Applicant's summary and conclusion
- Conclusions:
- In conclusion it can be stated that under the experimental conditions reported the read-across substance, 4-methyl-4-phenylpentan-2-ol, did not induce mutations in the mouse lymphoma thymidine kinase locus assay using the cell line L5178Y in the absence and presence of metabolic activation.
- Executive summary:
The study was performed to investigate the potential of the read-across substance, 4-methyl-4-phenylpentan-2-ol, to induce mutations at the mouse lymphoma thymidine kinase locus using the cell line L5178Y.

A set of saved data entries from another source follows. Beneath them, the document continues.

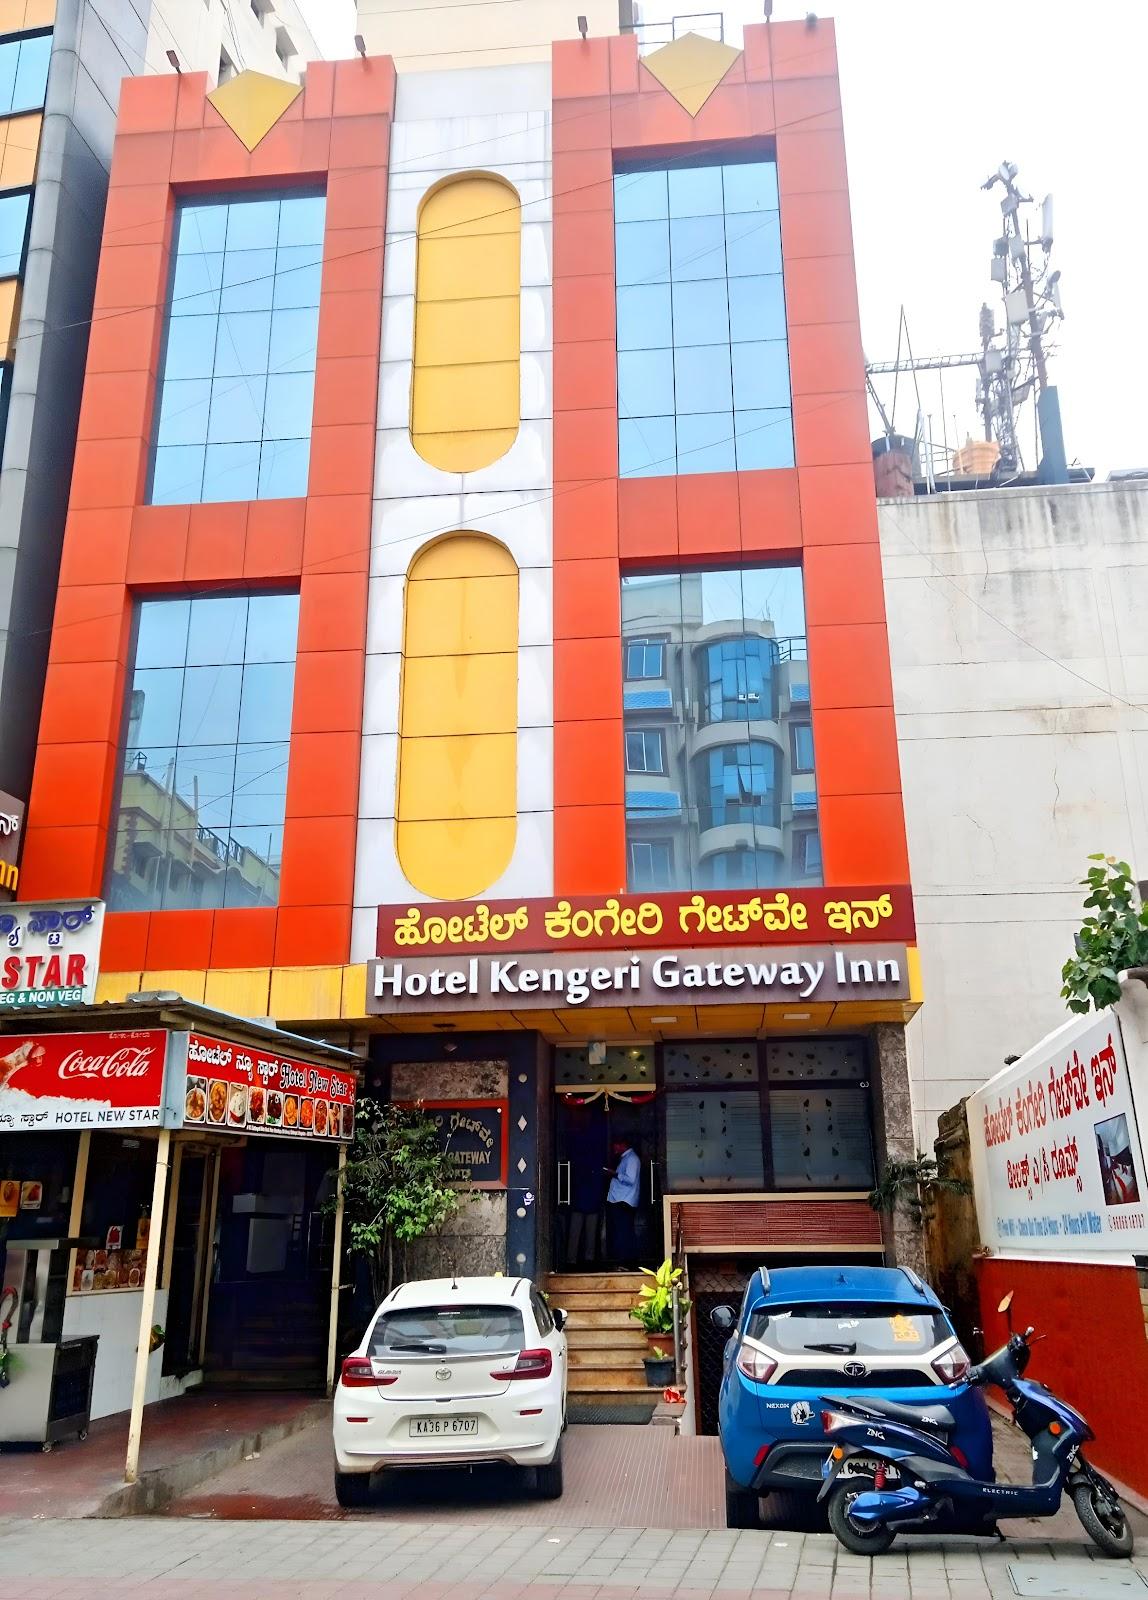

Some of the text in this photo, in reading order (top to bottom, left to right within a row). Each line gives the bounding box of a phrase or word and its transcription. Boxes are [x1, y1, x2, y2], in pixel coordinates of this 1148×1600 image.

[394, 904, 529, 945] ಹೋಟೆಲ್
[544, 898, 663, 939] ಕೆಂಗೇರಿ
[824, 893, 893, 935] ಇನ್
[2, 954, 86, 989] STAR
[373, 951, 900, 1005] Hotel Kengeri Gateway Inn
[18, 993, 28, 1003] &
[29, 991, 55, 1002] NON
[58, 990, 81, 1000] VEG
[58, 1047, 156, 1079] Coca-Cola
[188, 1040, 232, 1066] ಹೋಟೆಲ್
[280, 1062, 307, 1089] Hotel
[308, 1070, 329, 1094] New
[330, 1074, 348, 1098] Star
[1090, 1033, 1117, 1107] ಇನ್
[56, 1109, 160, 1123] HOTEL NEW STAR
[443, 1421, 449, 1432] P
[452, 1420, 476, 1432] 6707
[921, 1416, 939, 1426] ZING
[866, 1428, 886, 1441] ZING
[982, 1487, 1019, 1496] ELECTRIC
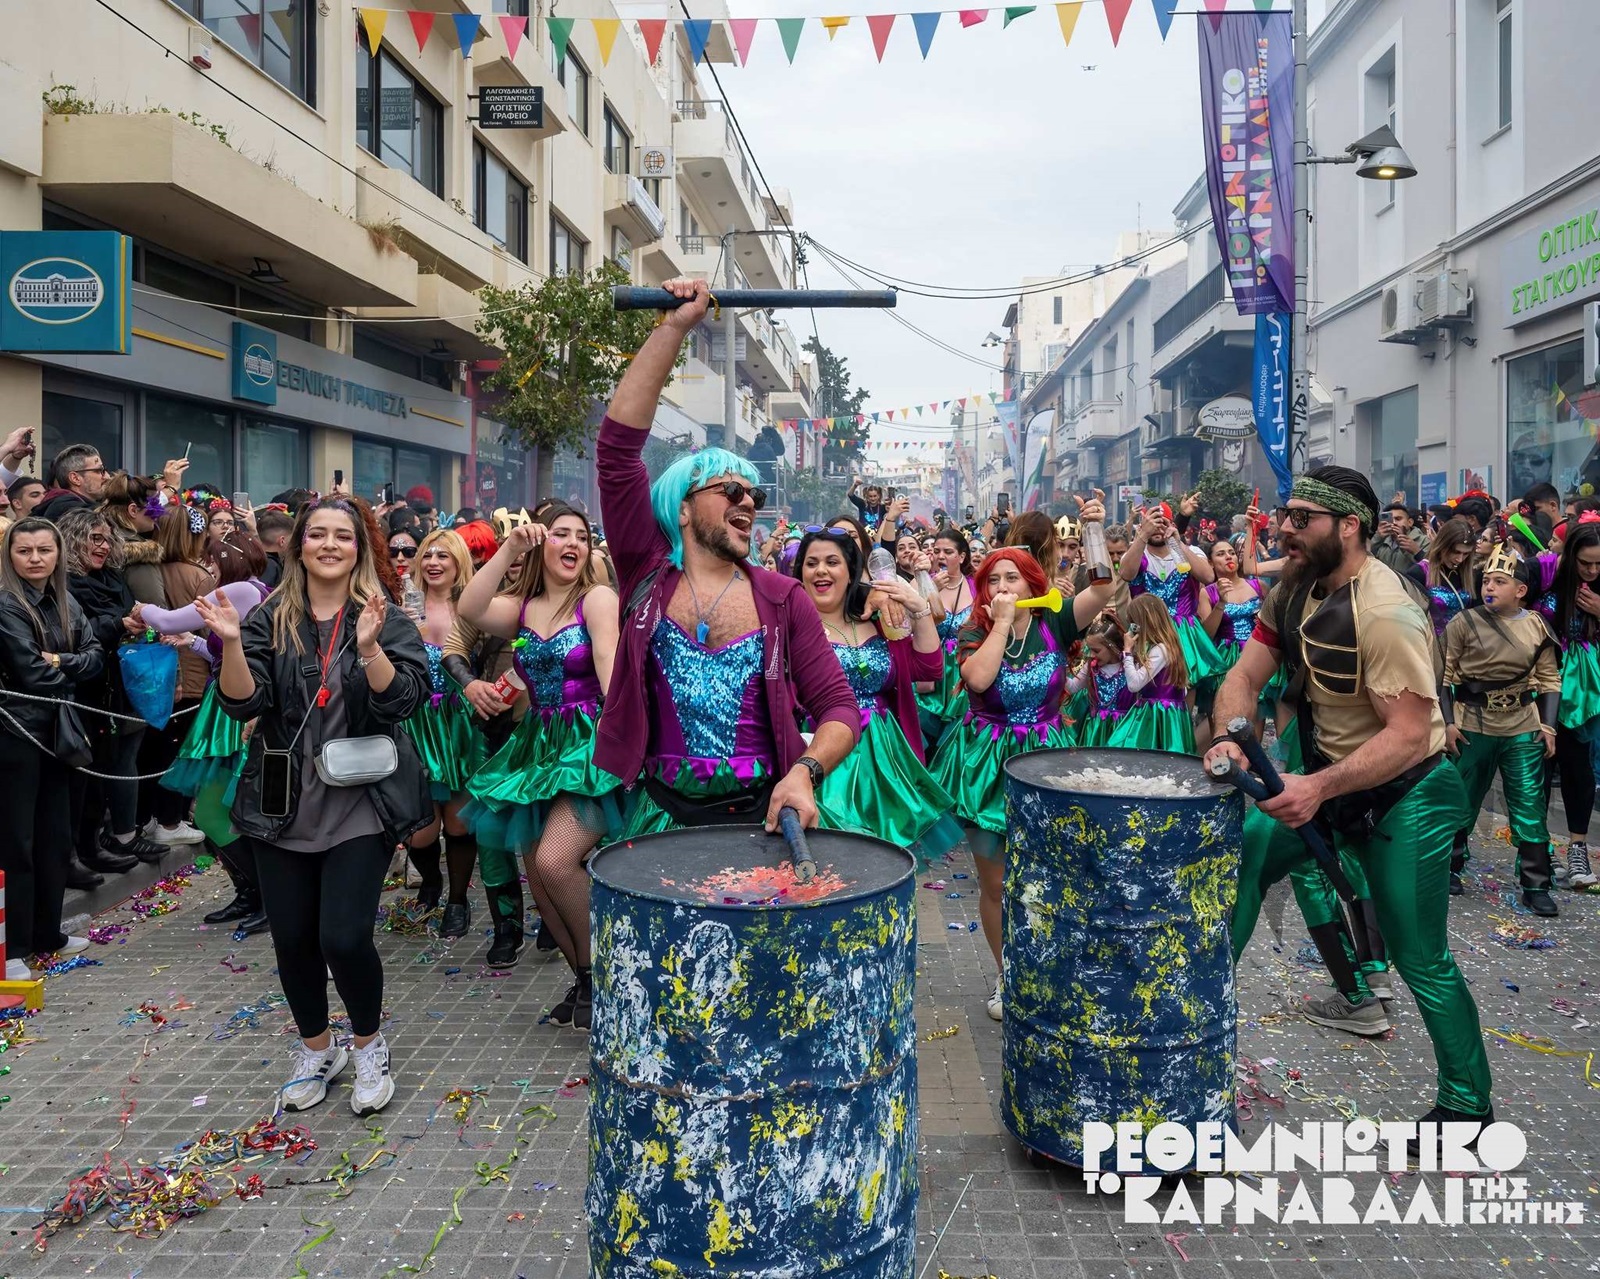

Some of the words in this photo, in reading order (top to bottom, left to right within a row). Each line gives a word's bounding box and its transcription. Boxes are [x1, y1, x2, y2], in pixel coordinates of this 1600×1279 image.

[489, 104, 532, 112] ΛΟΓΙΣΤΙΚΟ
[492, 112, 529, 120] ΓΡΑΦΕΙΟ
[1249, 98, 1272, 265] ΚΑΡΝΑΒΑΛΙ
[1538, 209, 1600, 263] ΟΠΤΙΚ
[1256, 266, 1267, 286] ΤΟ
[1511, 253, 1600, 314] ΣΤΑΓΚΟΥΡ
[276, 359, 342, 403] ΕΘΝΙΚΗ
[342, 379, 407, 419] ΤΡΑΠΕΖΑ

The assay was performed in two independent experiments, using two parallel cultures each. The first main experiment was performed with and without liver microsomal activation and a treatment period of 4 h. The second experiment was performed with a treatment period of 24 hours in the absence of metabolic activation and 4 hours in the presence of metabolic activation.
The highest concentration (1800 μg/mL) applied in the pre-experiment was chosen with regard to the molecular weight of the test item corresponding to a molar concentration of about 10 mM. The concentration range of both main experiments was limited by cytotoxic effects of the test item.
No substantial and reproducible dose dependent increase in mutant colony numbers was observed in both main experiments. No relevant shift of the ratio of small versus large colonies was observed up to the maximal concentration of the test item. Appropriate reference mutagens were used as positive controls and showed a distinct increase in induced mutant colonies, indicating that the tests were sensitive and valid.
The main experiments were evaluated at the following concentrations:
Experiment I:
without S9 mix: 14.1; 28.1; 56.3; 112.5; and 225.0 μg/mL
with S9 mix: 14.1; 28.1; 56.3; 112.5; and 225.0 μg/mL
Experiment II:
without S9 mix: 14.0; 28.0; 56.0; 112.0; and 168.0 μg/mL
with S9 mix: 80.0; 160.0; 180.0; 200.0; 220.0; and 240.0 μg/mL
In conclusion it can be stated that during the mutagenicity test described and under the experimental conditions reported the read-across substance, 4 -methyl-4 -phenylpentan-2 -ol, did not induce mutations in the mouse lymphoma thymidine kinase locus assay using the cell line L5178Y in the absence and presence of metabolic activation. Therefore, 4-methyl-4 phenylpentan-2-ol is considered to be non-mutagenic in this mouse lymphoma assay.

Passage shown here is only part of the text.